In this post, you will learn about the concepts and differences between online and batch learning in relation to how machine learning models in production learn incrementally from the stream of incoming data. It is one of the most important aspects of designing machine learning systems. Data science architects would require to get a good understanding of when to go for online learning and when to go for batch or offline learning.
What is Batch Learning?
Batch learning represents the training of machine learning models in a batch manner. The data get accumulated over a period of time. The models then get trained with the accumulated data from time to time in a batch manner. In other words, the system is incapable of learning incrementally from the stream of data. The fact that the model is with a lot of accumulated data takes a lot of time and resources (CPU, memory space, disk space, disk I/O, network I/O, etc.). Batch learning is also called offline learning. The models trained using batch learning are moved into production only at regular intervals based on the performance of models trained with new data.
If the models trained using batch learning needs to learn about new data, the models need to be retrained using the new data set and replaced appropriately with the model already in production based on different criteria such as model performance. The whole process of batch learning can be automated as well.
The disadvantage of batch learning is it takes lot of time and resources for re-training the model.
What is Online Learning?
In online learning, the training happens in an incremental manner by continuously feeding data as it arrives or in small group. Each learning step is fast and cheap, so the system can learn about new data on the fly, as it arrives.

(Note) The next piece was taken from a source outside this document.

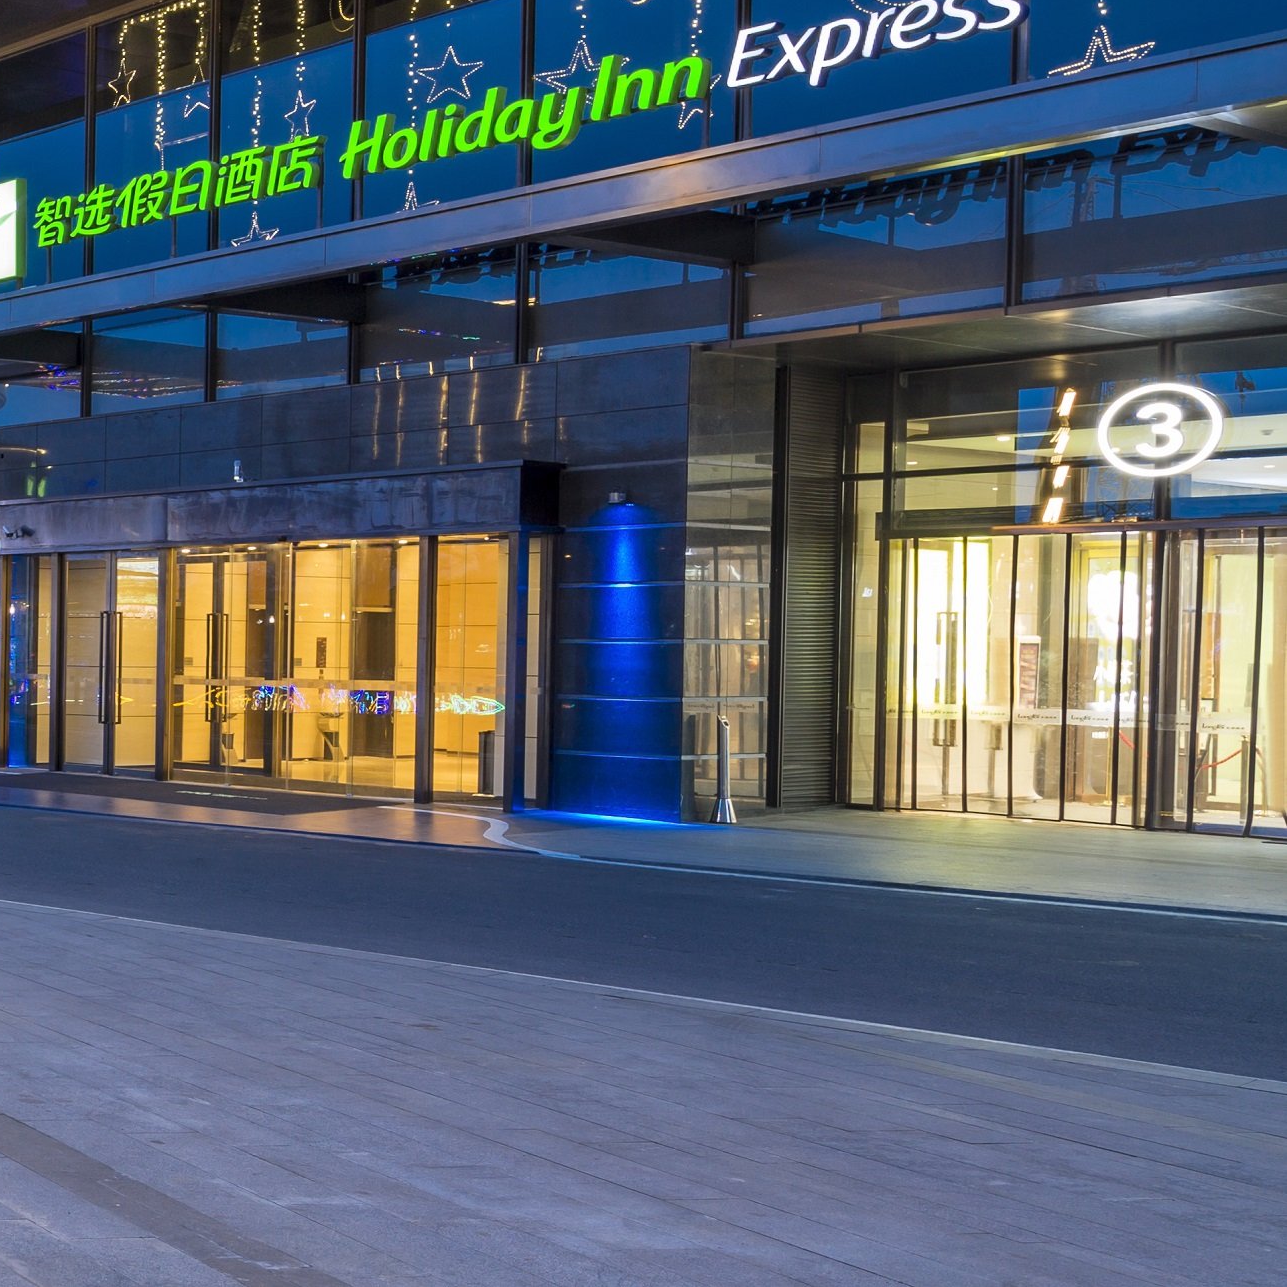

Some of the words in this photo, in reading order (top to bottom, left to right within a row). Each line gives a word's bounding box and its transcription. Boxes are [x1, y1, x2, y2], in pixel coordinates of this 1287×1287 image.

[339, 86, 585, 180] Holiday
[590, 54, 709, 122] Inn
[34, 138, 320, 249] 智选假日酒店
[1135, 402, 1184, 459] 3

Online learning is great for machine learning systems that receive data as a continuous flow (e.g., stock prices) and need to adapt to change rapidly or autonomously. It is also a good option if you have limited computing resources: once an online learning system has learned about new data instances, it does not need them anymore, so you can discard them (unless you want to be able to roll back to a previous state and “replay” the data). This can save a huge amount of space. The diagram given below represents online learning.
Online learning algorithms can also be used to train systems on huge datasets that cannot fit in one machine’s main memory (this is also called out-of-core learning). The algorithm loads part of the data, runs a training step on that data, and repeats the process until it has run on all of the data.
One of the key aspect of online learning is learning rate. The rate at which you want your machine learning to adapt to new data set is called as learning rate. A system with high learning rate will tend to forget the learning quickly. A system with low learning rate will be more like a batch learning.
One of the big disadvantage of online learning system is that if it is fed with bad data, the system will have bad performance and the user will see the impact instantly. Thus, it is very important to put appropriate filters in place to ensure that the data fed is of high quality. In addition, it is very important to monitor the performance of the machine learning system in a very close manner.